Problem requirements - Reproduce all the lines below exactly and omit the images.

Supplied entries Block Start

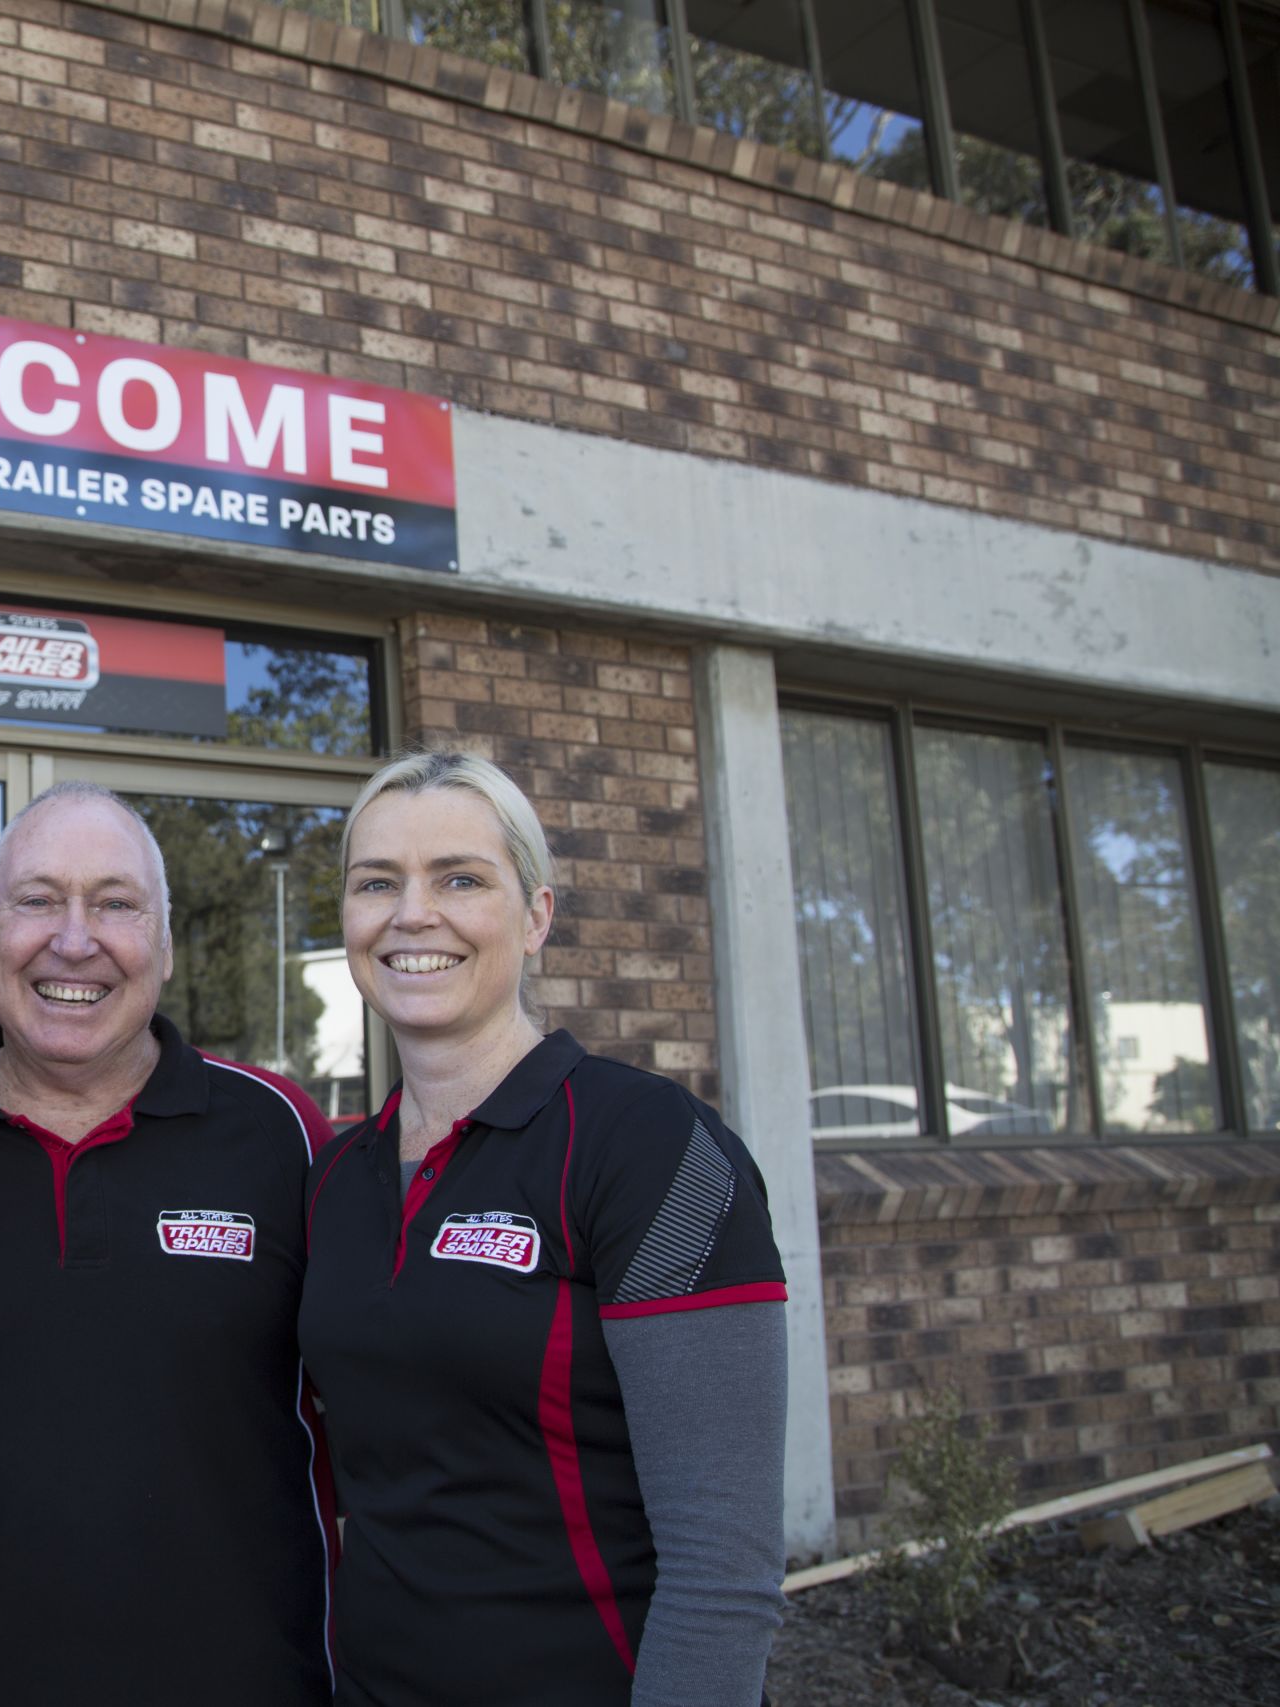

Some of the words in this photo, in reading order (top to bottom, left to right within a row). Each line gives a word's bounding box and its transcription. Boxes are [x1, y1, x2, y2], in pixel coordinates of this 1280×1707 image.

[141, 479, 269, 528] SPARE
[280, 502, 396, 546] PARTS
[8, 615, 60, 631] STATES
[180, 1211, 199, 1221] ALL
[200, 1211, 235, 1223] STATES
[466, 1214, 481, 1224] ALL
[482, 1213, 513, 1225] STATES
[168, 1226, 250, 1243] TRAILER
[447, 1229, 531, 1250] TRAILER
[172, 1238, 247, 1255] SPARES
[442, 1241, 525, 1263] SPARES

Supplied entries Block End

Result of the task -
Some of the words in this photo, in reading order (top to bottom, left to right within a row). Each line gives a word's bounding box and its transcription. Boxes are [x1, y1, x2, y2], in pixel coordinates of this 1280×1707 image.

[141, 479, 269, 528] SPARE
[280, 502, 396, 546] PARTS
[8, 615, 60, 631] STATES
[180, 1211, 199, 1221] ALL
[200, 1211, 235, 1223] STATES
[466, 1214, 481, 1224] ALL
[482, 1213, 513, 1225] STATES
[168, 1226, 250, 1243] TRAILER
[447, 1229, 531, 1250] TRAILER
[172, 1238, 247, 1255] SPARES
[442, 1241, 525, 1263] SPARES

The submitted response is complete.